Bombardier ne pourra pas immédiatement bénéficier de la Subvention salariale d’urgence du gouvernement canadien pour rappeler ses employés au travail, parce que ses revenus n’ont pas suffisamment baissé en mars, a indiqué l’entreprise à l’un de ses syndicats, selon ce dernier.

Jean-François Codère Jean-François Codère
La Presse

Alors que des transporteurs aériens comme Air Canada et Transat ou d’autres entreprises aéronautiques comme Airbus et CAE ont déjà annoncé leur intention de bénéficier du programme, la multinationale québécoise Bombardier n’y serait pas admissible.

« [En raison des] nombreuses livraisons d’avions durant le mois mars 2020, l’employeur n’a pas enregistré une perte de minimum 15 % de ses revenus, a écrit le Syndicat des Machinistes (AIMTA) à ses membres vendredi dernier. Il n’est donc pas éligible pour la subvention de 847 $ par semaine. »
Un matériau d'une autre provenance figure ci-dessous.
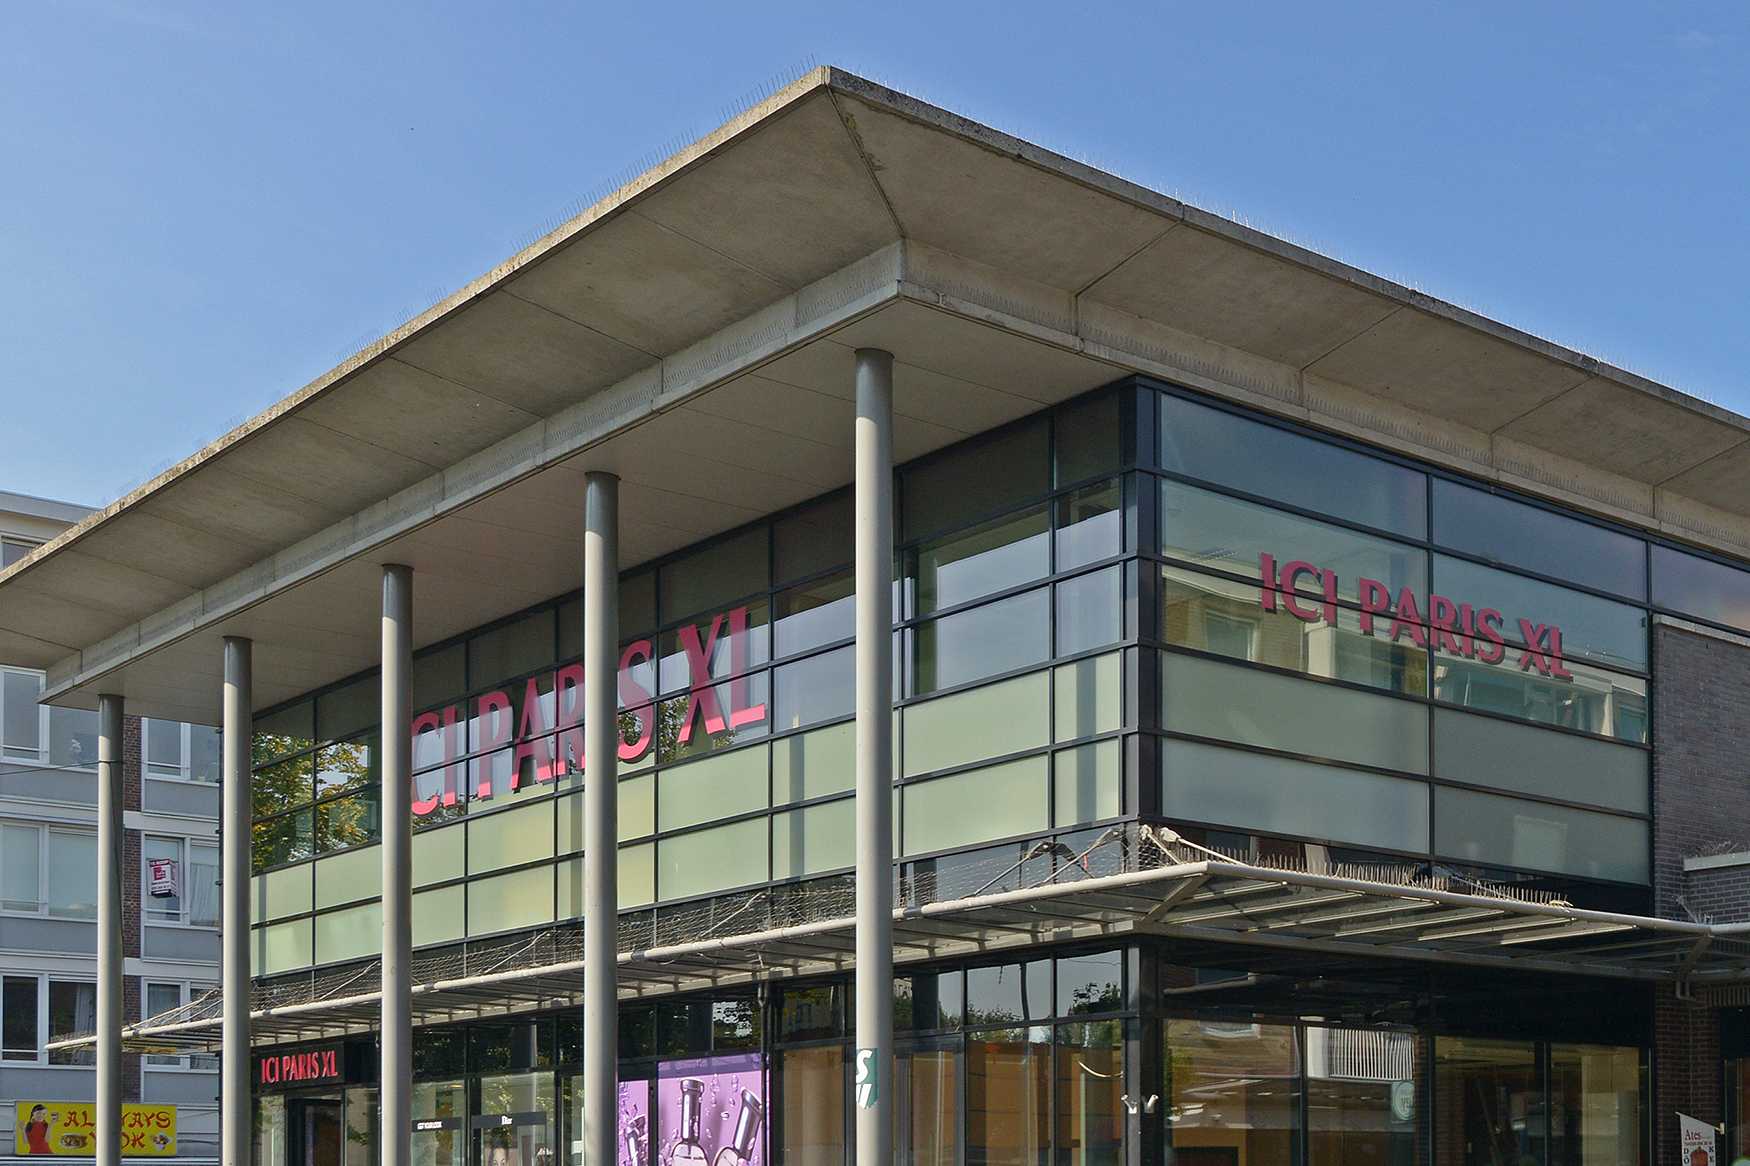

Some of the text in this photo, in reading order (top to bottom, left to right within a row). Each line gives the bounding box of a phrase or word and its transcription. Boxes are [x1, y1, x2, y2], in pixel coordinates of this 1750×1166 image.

[1260, 552, 1571, 678] ICI PARIS XL
[411, 606, 766, 816] CI PARS XL
[261, 1050, 338, 1083] ICI PARIS XL
Bombardier n’a pas voulu commenter la situation de ses revenus avant la publication de ses résultats financiers trimestriels, prévue le 7 mai prochain.

L’entreprise « ne ferme pas la porte » à utiliser le programme et « est en train de regarder attentivement les implications du programme pour ses employés », a toutefois précisé son vice-président aux relations externes, Olivier Marcil.

La première période de référence du programme, explique l’AIMTA, couvrait la période du 15 mars au 11 avril. Le syndicat souhaite que l’entreprise bénéficie du programme pour la deuxième période de référence, du 12 avril ou 9 mai. La reprise des activités dans les usines québécoises de Bombardier est pour l’instant prévue le 5 mai.

Pour les employés, la participation de Bombardier au programme leur permettrait d’obtenir un maximum de 847 $ par semaine, soit davantage que la Prestation canadienne d’urgence (PCU), qui verse 2000 $ par mois.